### WHAT YOU SHOULD DO
Leave every picture out, and write out the remaining entries exactly.

Text-to-region grounding data
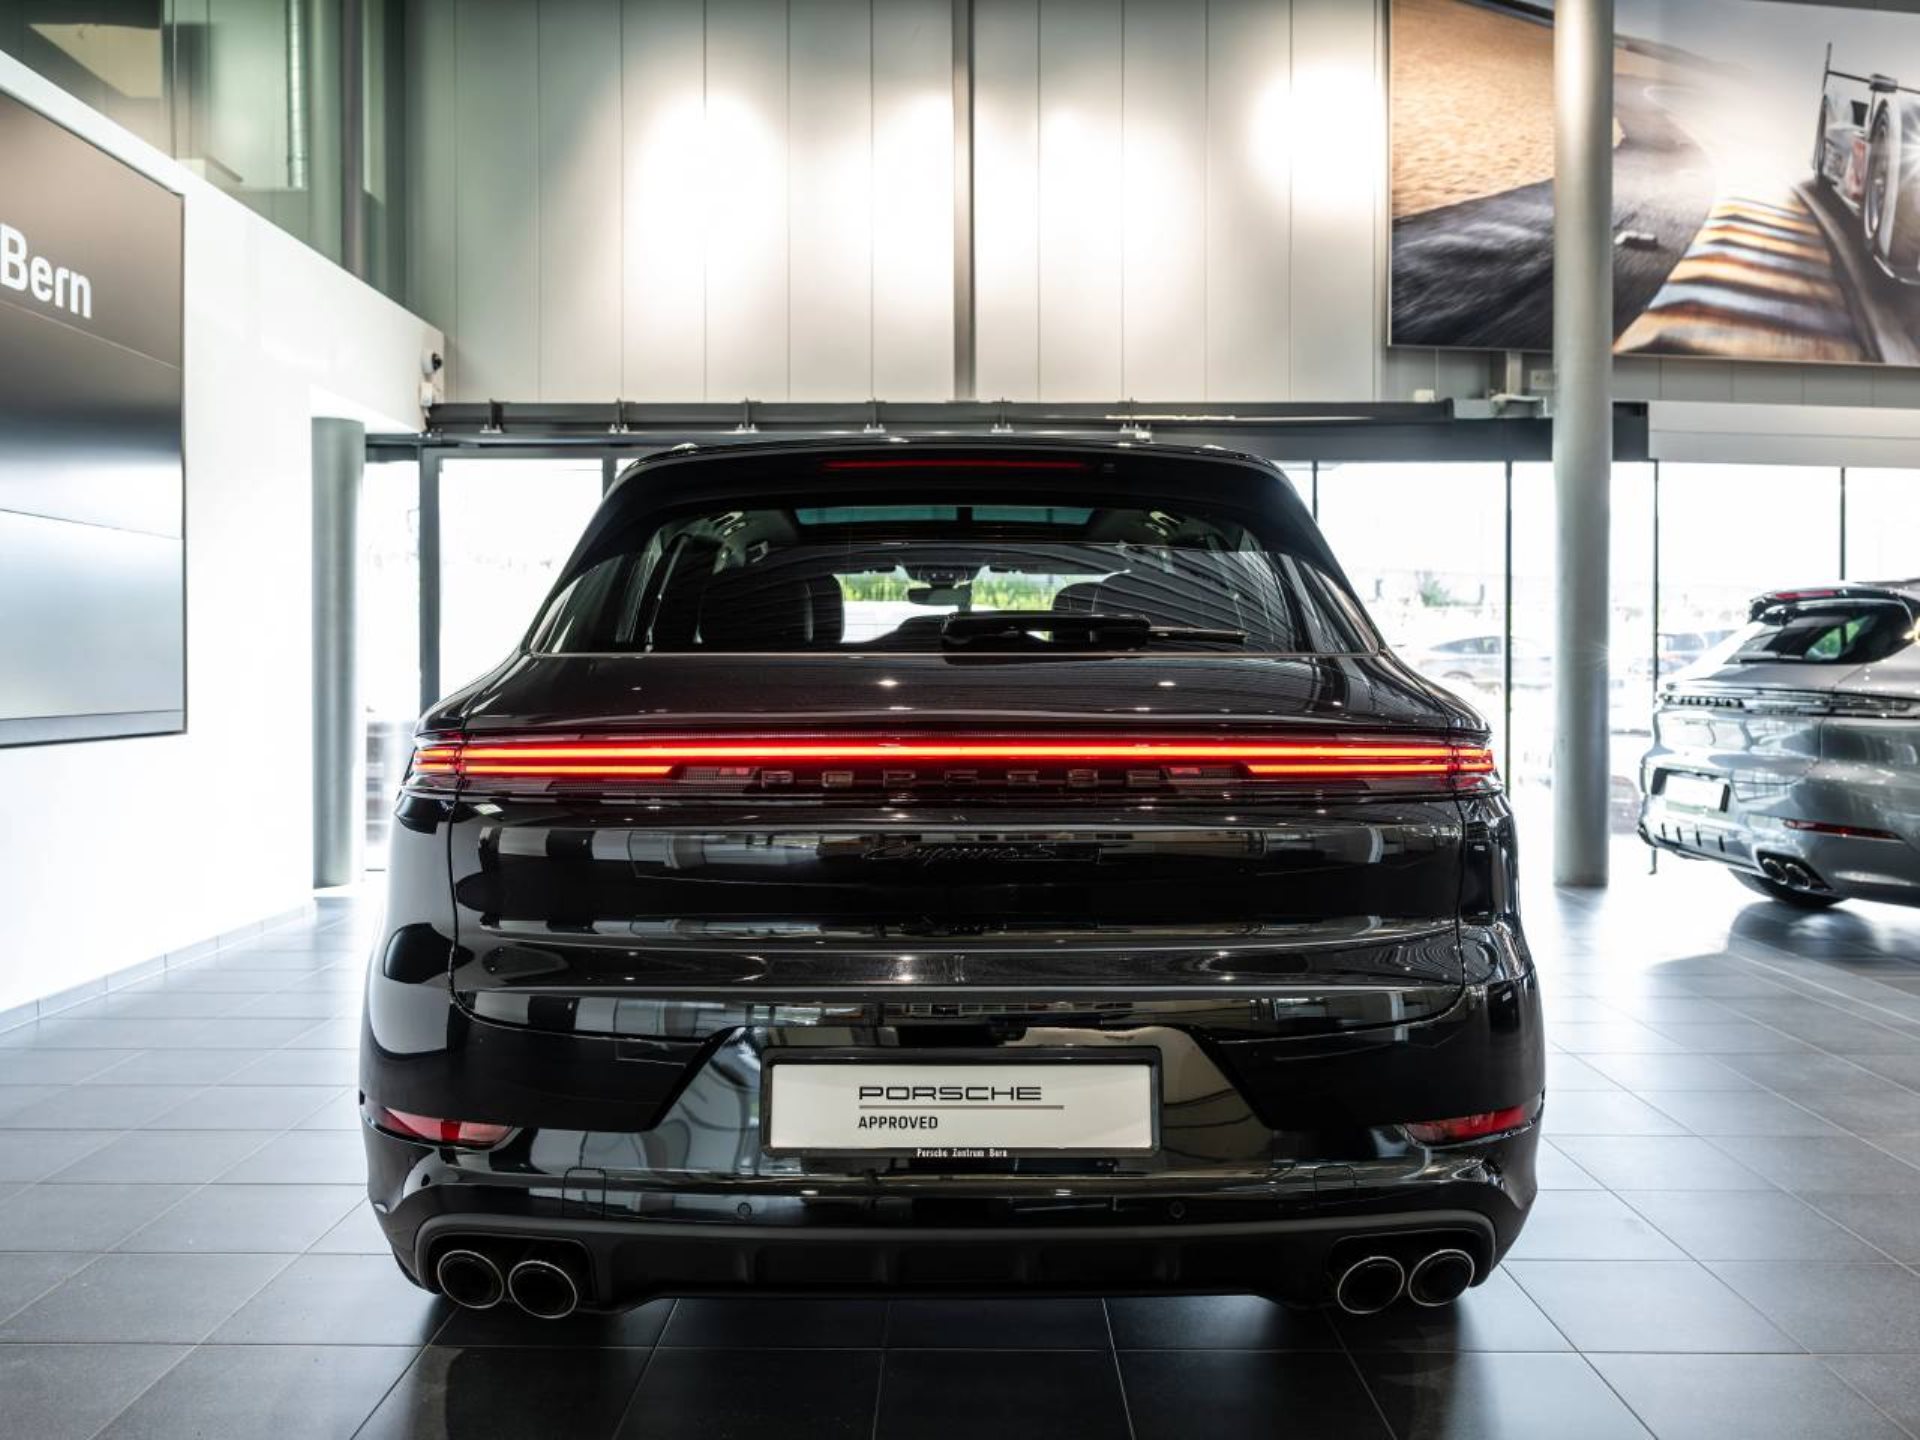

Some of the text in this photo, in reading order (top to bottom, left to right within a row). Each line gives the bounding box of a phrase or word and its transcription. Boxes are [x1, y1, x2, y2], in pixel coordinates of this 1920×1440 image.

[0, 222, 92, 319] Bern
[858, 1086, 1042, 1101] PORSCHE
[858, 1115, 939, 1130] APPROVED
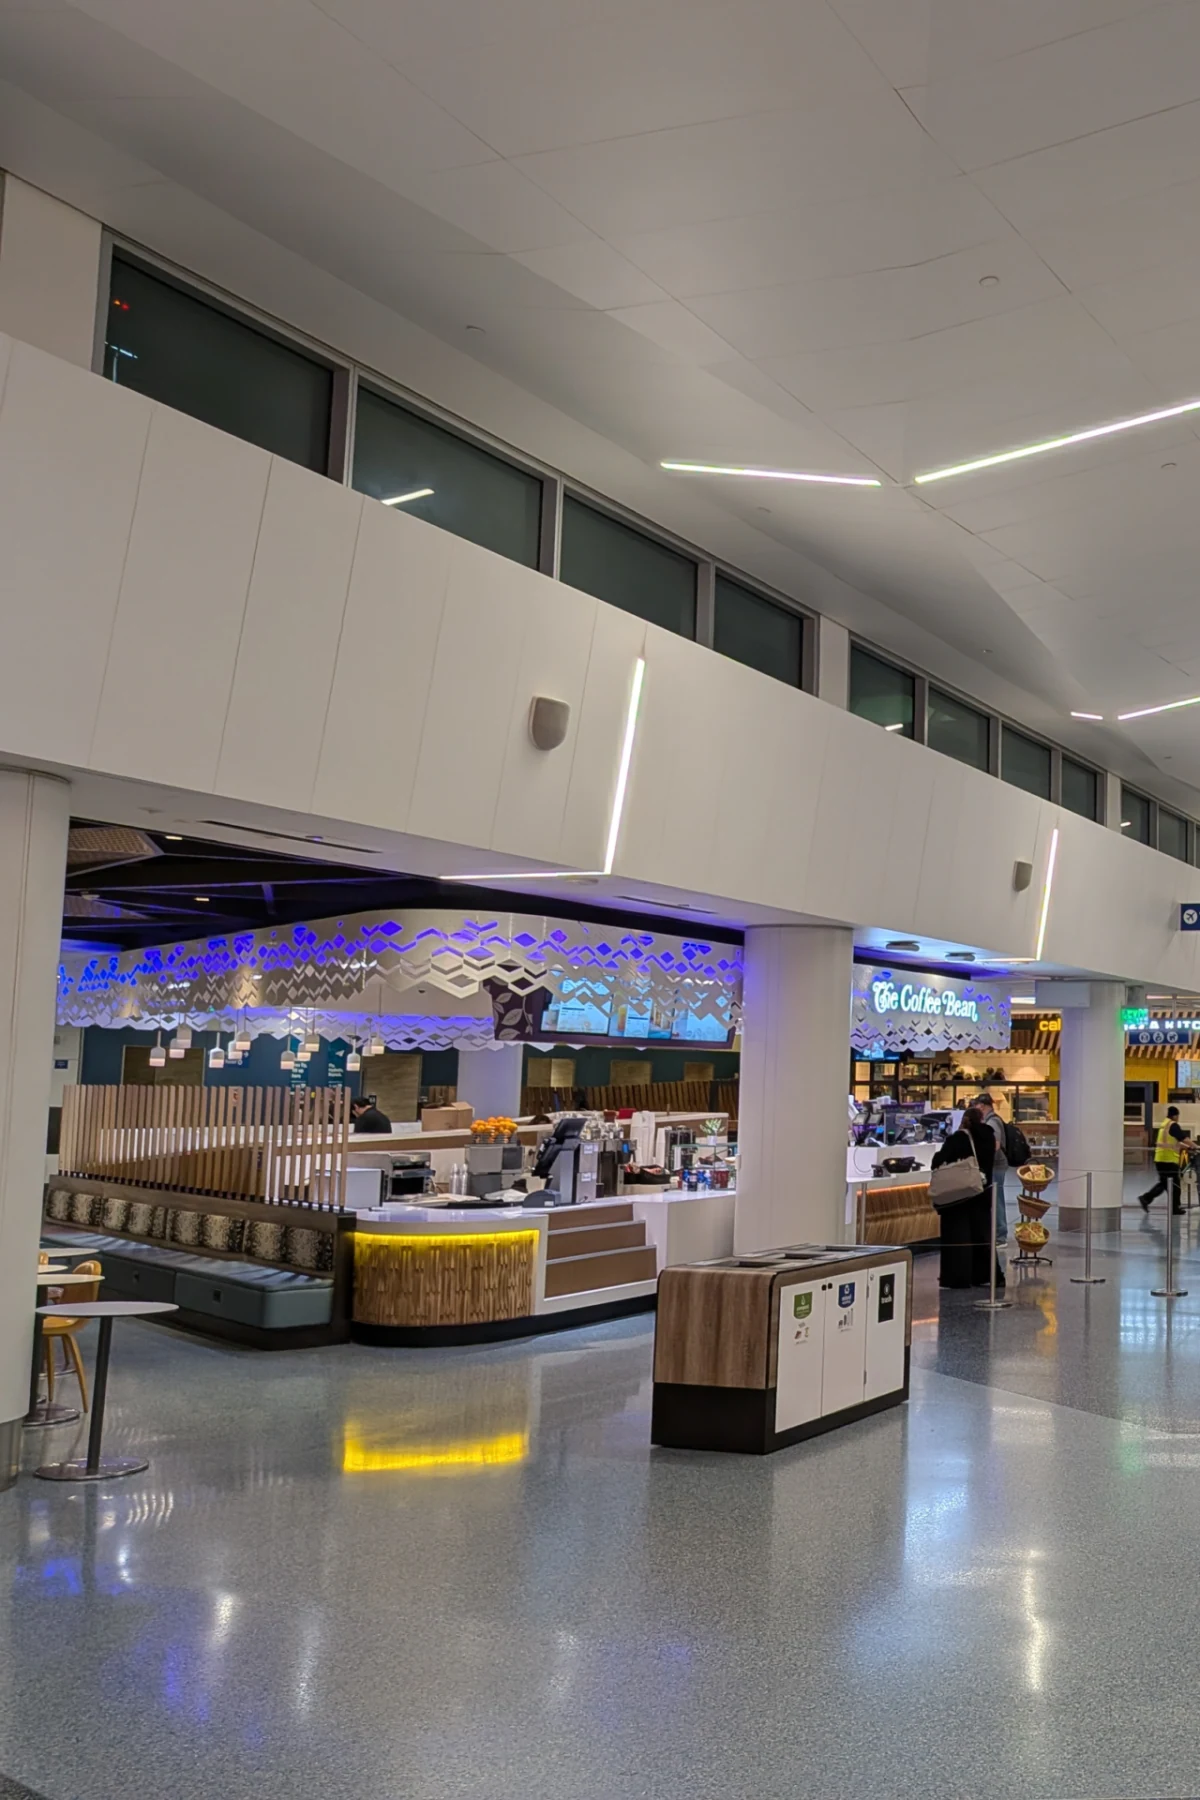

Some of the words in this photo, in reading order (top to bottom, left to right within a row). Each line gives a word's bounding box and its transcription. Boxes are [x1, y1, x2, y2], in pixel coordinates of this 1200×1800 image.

### COMPLETED EXERCISE
Some of the text in this photo, in reading order (top to bottom, left to right within a row). Each line gives the bounding box of a phrase or word and its transcription. Boxes are [x1, y1, x2, y2], in pixel coordinates of this 1920×1440 image.

[0, 222, 92, 319] Bern
[858, 1086, 1042, 1101] PORSCHE
[858, 1115, 939, 1130] APPROVED

Some of the words in this photo, in reading order (top to bottom, left to right within a row). Each line gives a word's bounding box and its transcription. Boxes are [x1, y1, x2, y2], in pixel coordinates of this 1200×1800 image.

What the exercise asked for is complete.